孕妇妊娠期感染寨卡病毒可导致胎儿流产、小头症等先天性异常。已有研究报道寨卡病毒诱导的过度细胞凋亡及炎症反应是其主要的致病机理，然而宿主调控这两个进程引发胎儿先天性发育缺陷的重要分子和相关机制尚不明确。c-FLIP作为重要的抗凋亡因子，不仅与细胞凋亡、坏死性凋亡相关，还参与调节宿主的炎症信号通路。我们发现寨卡病毒感染胎盘细胞增强c-FLIP的基因转录水平，且c-FLIP的上游调控分子Peli1促进寨卡病毒引发的胎儿宫内生长受限，因此推测c-FLIP很可能参与寨卡病毒感染。我们拟在细胞模型上首先确定Peli1是否通过c-FLIP影响寨卡病毒感染，并揭示c-FLIP对寨卡病毒感染的影响和相关机制，最后利用基因缺陷小鼠分析c-FLIP对寨卡病毒感染及其导致的胎儿先天性异常的作用机制。总之我们将阐明c-FLIP在寨卡病毒感染中的作用及相关机制，为寻找治疗寨卡病毒感染的新靶点提供理论依据。

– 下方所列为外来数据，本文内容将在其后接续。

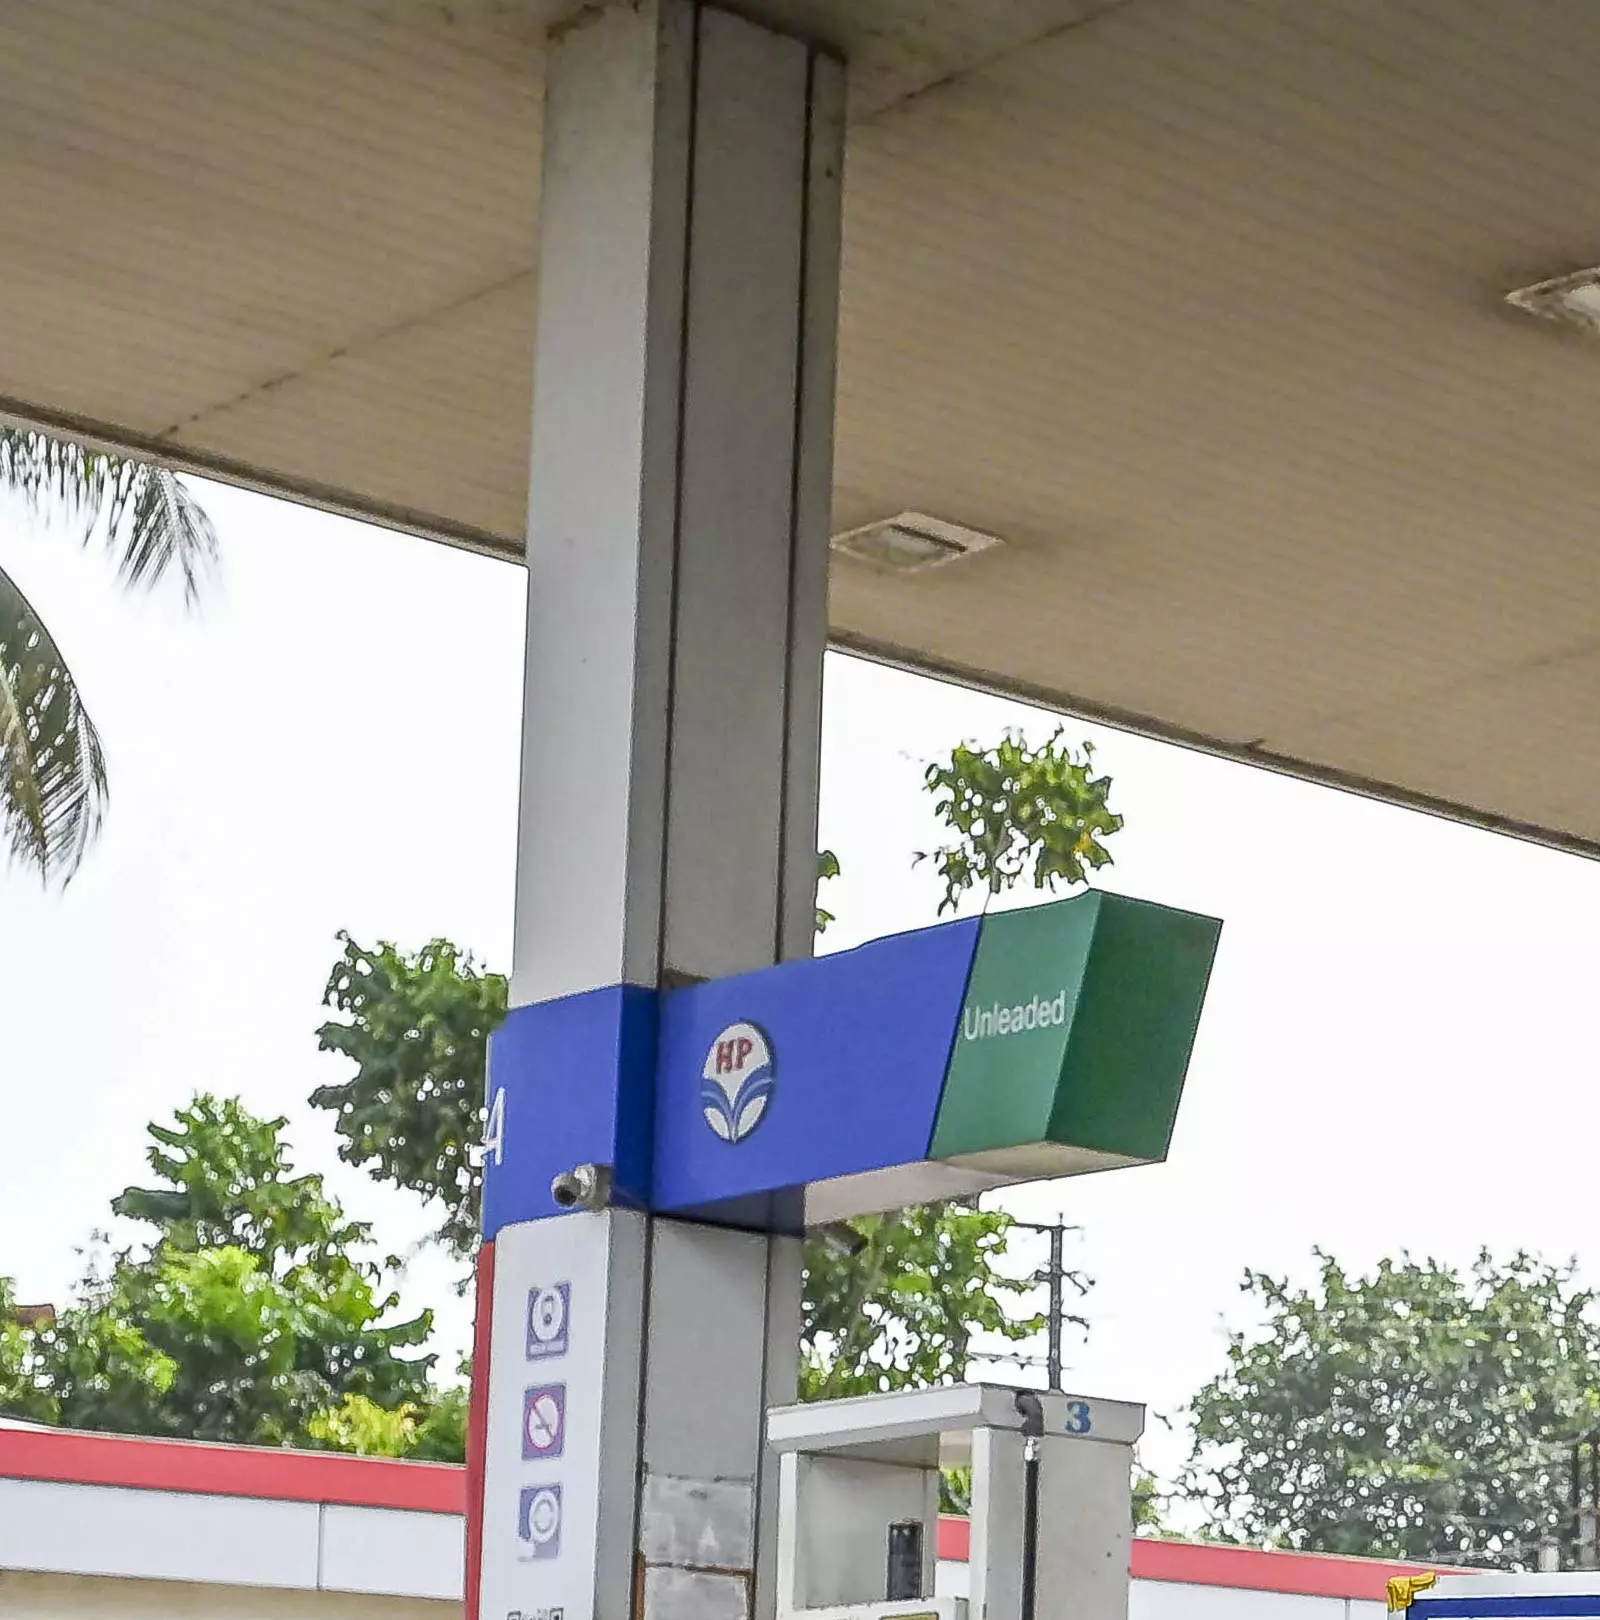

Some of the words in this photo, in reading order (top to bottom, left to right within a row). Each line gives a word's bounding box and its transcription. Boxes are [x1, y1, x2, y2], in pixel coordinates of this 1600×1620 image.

[963, 990, 1066, 1041] Unleaded
[714, 1035, 753, 1075] HP
[1064, 1400, 1092, 1434] 3
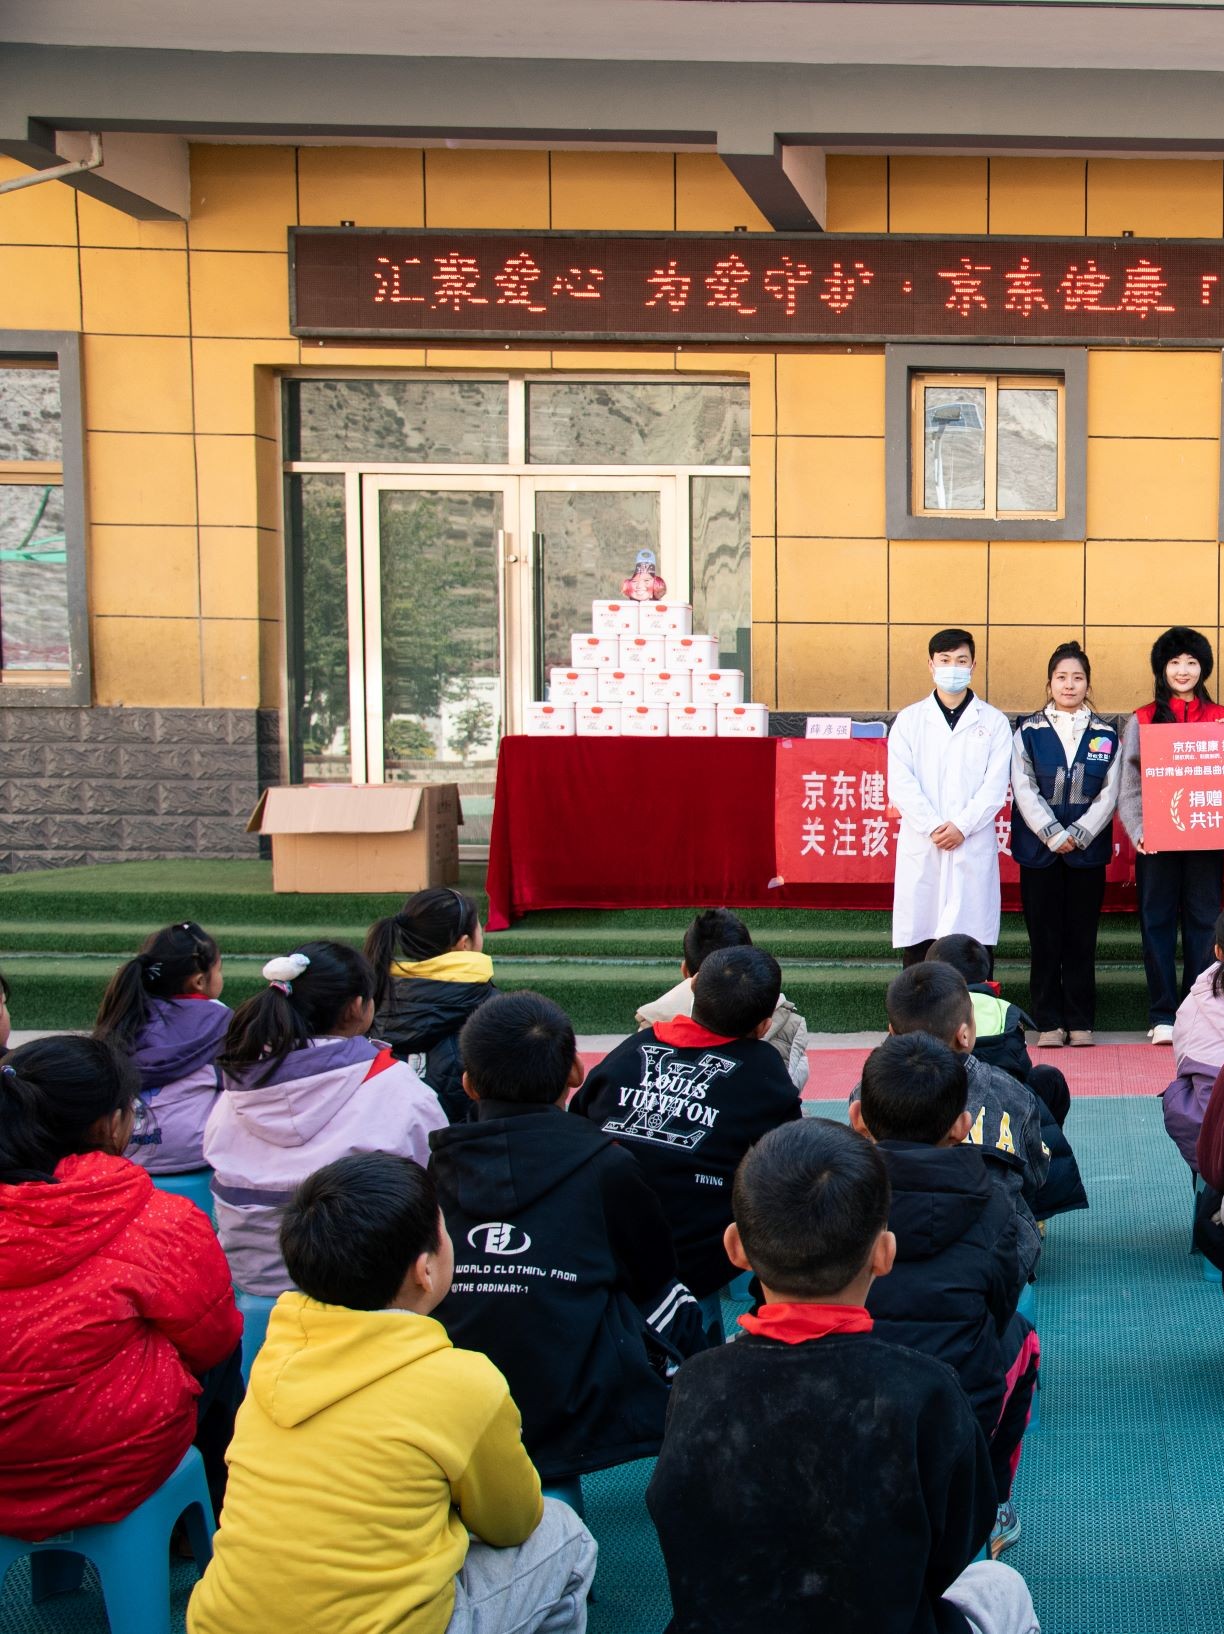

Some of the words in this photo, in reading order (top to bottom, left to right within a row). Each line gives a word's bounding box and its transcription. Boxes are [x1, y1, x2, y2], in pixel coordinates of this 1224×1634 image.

[373, 252, 604, 313] 汇聚爱心
[1173, 741, 1219, 753] 京东健康
[801, 770, 900, 811] 京东健
[1190, 811, 1223, 829] 共计
[639, 1071, 710, 1100] LOUIS
[617, 1086, 720, 1128] VUITTON
[694, 1173, 724, 1186] TRYING
[455, 1264, 491, 1274] WORLD
[550, 1268, 578, 1282] FROM

Zika virus (ZIKV) infection during pregnancy can cause birth defects including microcephaly and abortion. Dysregulated apoptosis and inflammation induced by ZIKV have been reported being the main factors of ZIKV pathogenicity, however, it is still unclear how the host regulate these two processes to lead to disease. As an anti-apoptotic protein, c-FLIP is not only regulating apoptosis and necroptosis, but also involved in important signaling pathways related to inflammation. Our previous study demonstrated the mRNA level of c-FLIP in ZIKV infected placenta cells was upregulated, and Peli1-the upstream molecular of c-FLIP can enhance intrauterine growth restriction. Thus we speculate that c-FLIP is possibly involved in ZIKV infection. For our current study, we will first elucidate if Peli1 regulate ZIKV infection through c-FLIP and explore the mechanism of c-FLIP affecting ZIKV infection utilizing different cells lines. We will also uncover the mechanism for ZIKV causing birth defects in c-FLIP deficient mouse model. Overall, we will reveal the role and mechanism of c-FLIP during ZIKV infection, providing new targets for treating ZIKV infection.